Hannah had not replied and when Nick turned to face her, her seat at the table was empty. He had found her in the living room, stooped over the crib and gently stroking Jack's cheek.
"Hannah..."
"Don't bother, Nick," she had replied without lifting her head. "You've made your feelings perfectly clear. We'll be out of your hair in a few minutes."
His arms folded across his chest, Nick had watched as Hannah bent and gently lifted Jack from the crib. With little more than a grumble, the boy had snuggled in under his mother's chin and continued to sleep peacefully.
"Could you call us a cab, please?" Hannah had asked, still not looking at Nick as she picked up Jack's bag and slung it over her shoulder.
Nick had nodded wordlessly as he left the room.

"Ladies and Gentlemen, this is your captain speaking. We will shortly be beginning our descent into Los Angeles where the temperature is currently 84 degrees..."
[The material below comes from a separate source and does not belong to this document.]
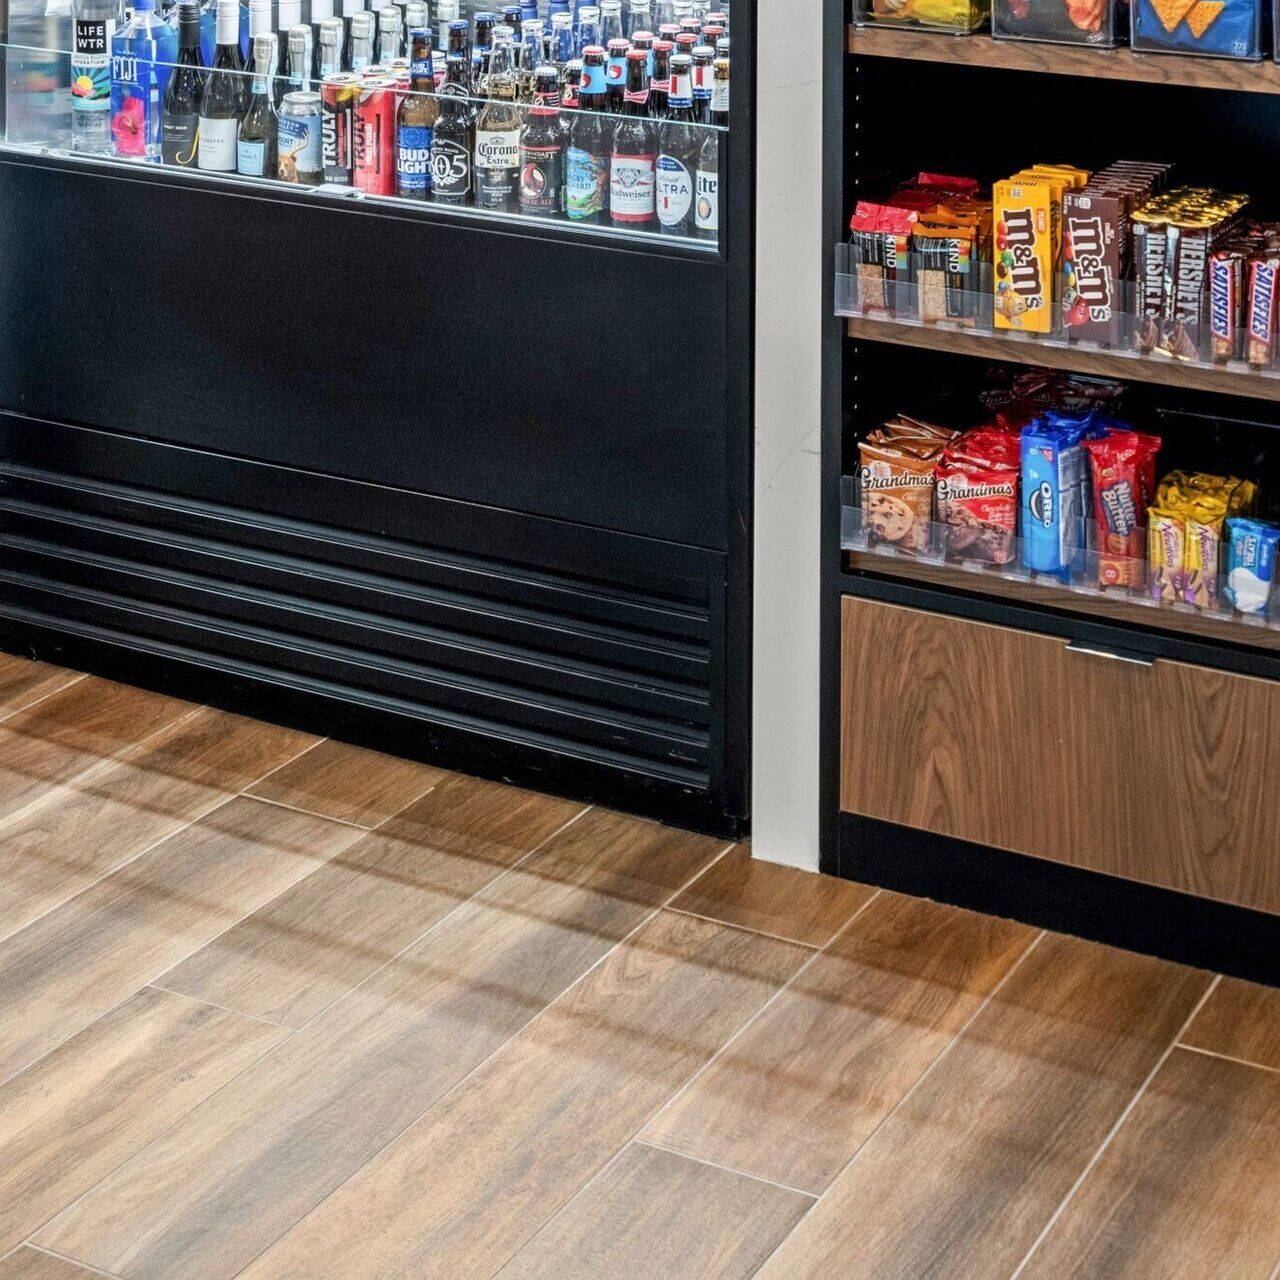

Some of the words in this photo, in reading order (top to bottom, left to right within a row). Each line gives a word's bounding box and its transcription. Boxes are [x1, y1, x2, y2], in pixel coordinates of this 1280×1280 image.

Nick sat up in his seat and leaned forward, craning his neck to see out the window. As he had expected, the landscape had changed, the parched earth of the south-western states replaced by the liquid expanse of the Pacific Ocean as the plane banked and began to descend. He hoped, peering down at the coastline, that Cassie had not left California. The sooner he found Cassie, the better. Because only when he had fixed things with his wife could he begin to fix things with the mother of his child.